• _Activity_: Could you return all of the records exactly, minus their images?

(Saved entries)

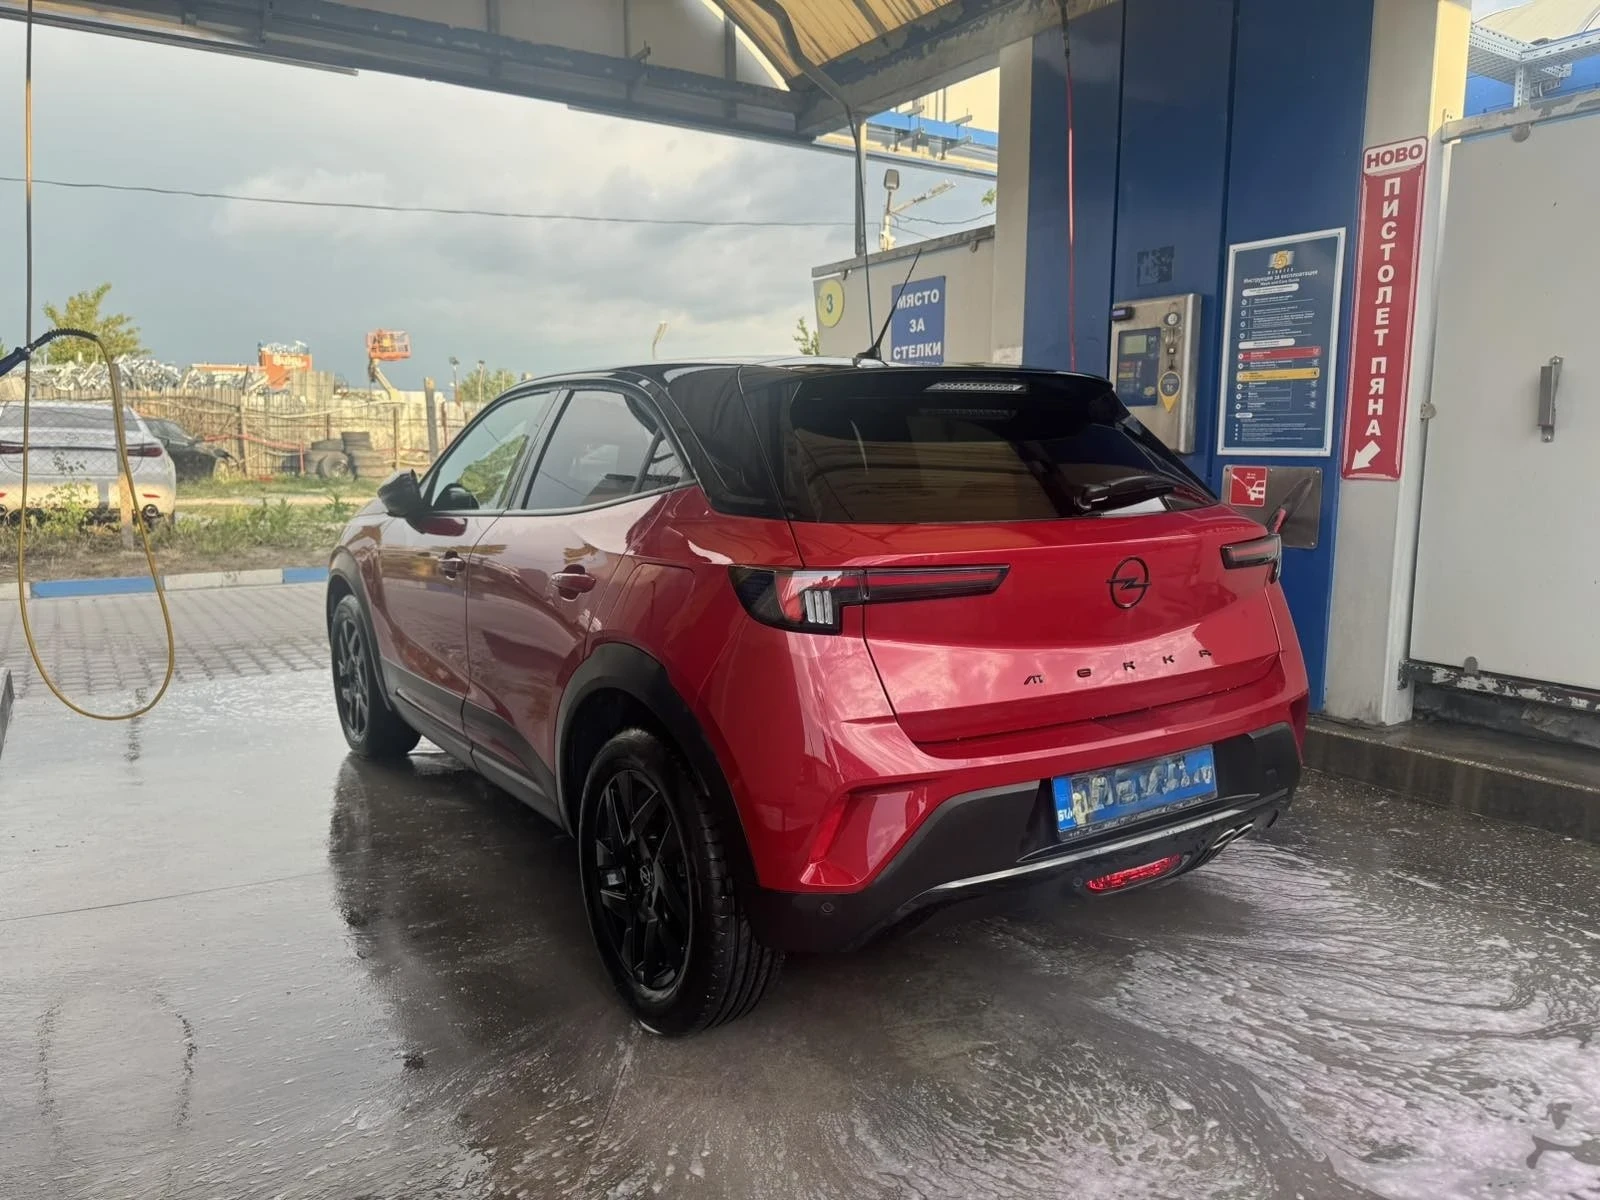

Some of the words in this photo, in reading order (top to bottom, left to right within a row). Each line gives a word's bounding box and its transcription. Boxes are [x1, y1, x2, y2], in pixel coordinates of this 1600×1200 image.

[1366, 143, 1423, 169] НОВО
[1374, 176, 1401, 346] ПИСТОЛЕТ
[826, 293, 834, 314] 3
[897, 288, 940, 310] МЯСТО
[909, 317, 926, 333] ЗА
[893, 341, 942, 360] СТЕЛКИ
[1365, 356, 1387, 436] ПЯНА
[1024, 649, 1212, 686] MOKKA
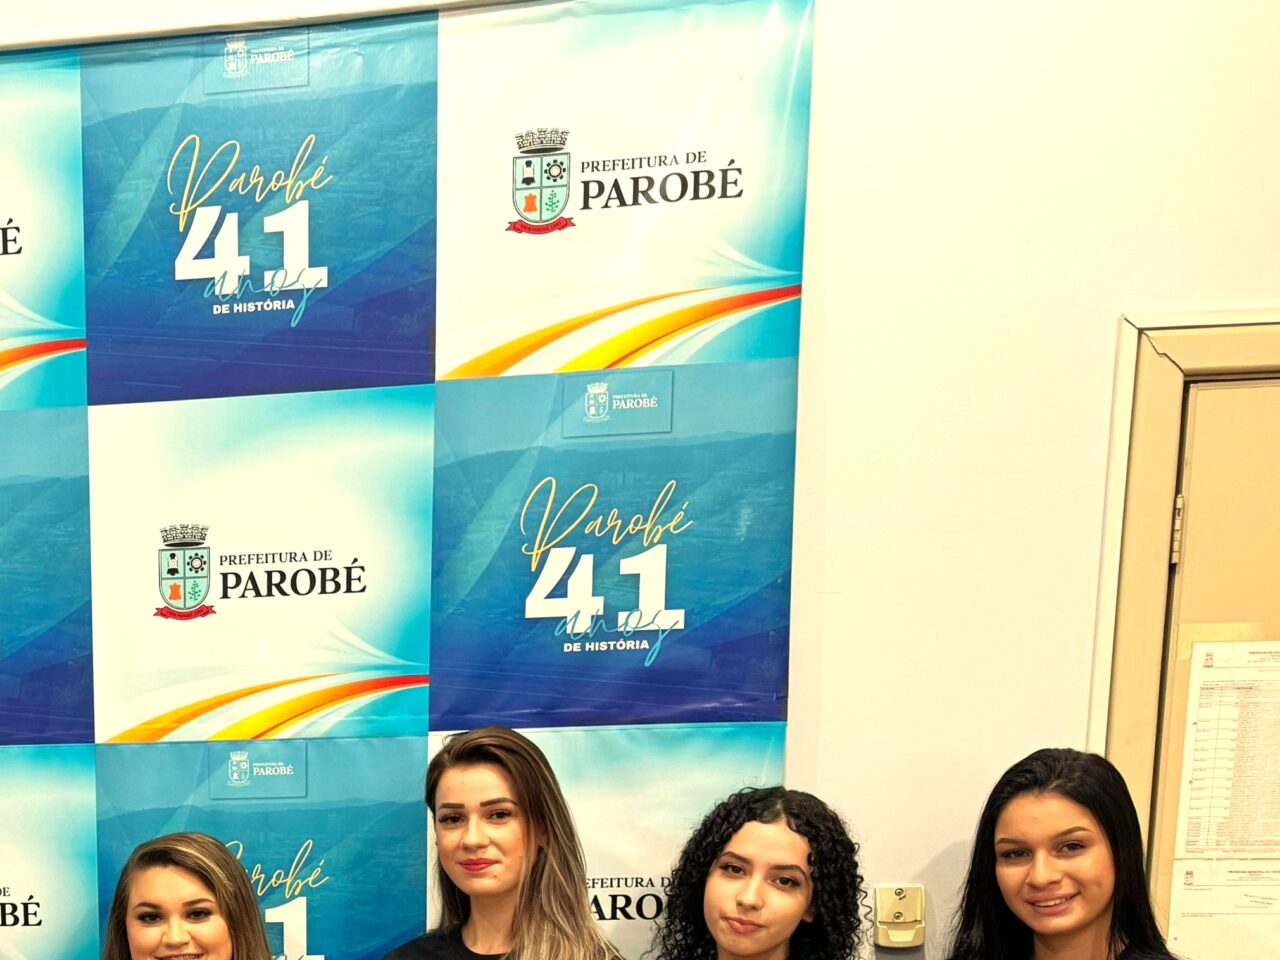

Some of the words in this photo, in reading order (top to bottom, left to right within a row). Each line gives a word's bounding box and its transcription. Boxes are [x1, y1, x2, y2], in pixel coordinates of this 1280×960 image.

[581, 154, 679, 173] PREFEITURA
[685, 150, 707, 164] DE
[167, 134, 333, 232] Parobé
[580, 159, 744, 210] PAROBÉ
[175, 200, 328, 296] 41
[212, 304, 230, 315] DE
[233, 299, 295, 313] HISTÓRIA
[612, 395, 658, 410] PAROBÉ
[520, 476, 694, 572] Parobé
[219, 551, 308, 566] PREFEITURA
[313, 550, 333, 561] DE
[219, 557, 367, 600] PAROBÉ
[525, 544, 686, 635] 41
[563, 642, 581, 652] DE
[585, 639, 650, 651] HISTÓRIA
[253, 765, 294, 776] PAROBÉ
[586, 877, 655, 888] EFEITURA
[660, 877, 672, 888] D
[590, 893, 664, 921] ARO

• _Response to this task_:
Some of the words in this photo, in reading order (top to bottom, left to right within a row). Each line gives a word's bounding box and its transcription. Boxes are [x1, y1, x2, y2], in pixel coordinates of this 1600×1200 image.

[1366, 143, 1423, 169] НОВО
[1374, 176, 1401, 346] ПИСТОЛЕТ
[826, 293, 834, 314] 3
[897, 288, 940, 310] МЯСТО
[909, 317, 926, 333] ЗА
[893, 341, 942, 360] СТЕЛКИ
[1365, 356, 1387, 436] ПЯНА
[1024, 649, 1212, 686] MOKKA

Some of the words in this photo, in reading order (top to bottom, left to right within a row). Each line gives a word's bounding box and its transcription. Boxes are [x1, y1, x2, y2], in pixel coordinates of this 1280×960 image.

[581, 154, 679, 173] PREFEITURA
[685, 150, 707, 164] DE
[167, 134, 333, 232] Parobé
[580, 159, 744, 210] PAROBÉ
[175, 200, 328, 296] 41
[212, 304, 230, 315] DE
[233, 299, 295, 313] HISTÓRIA
[612, 395, 658, 410] PAROBÉ
[520, 476, 694, 572] Parobé
[219, 551, 308, 566] PREFEITURA
[313, 550, 333, 561] DE
[219, 557, 367, 600] PAROBÉ
[525, 544, 686, 635] 41
[563, 642, 581, 652] DE
[585, 639, 650, 651] HISTÓRIA
[253, 765, 294, 776] PAROBÉ
[586, 877, 655, 888] EFEITURA
[660, 877, 672, 888] D
[590, 893, 664, 921] ARO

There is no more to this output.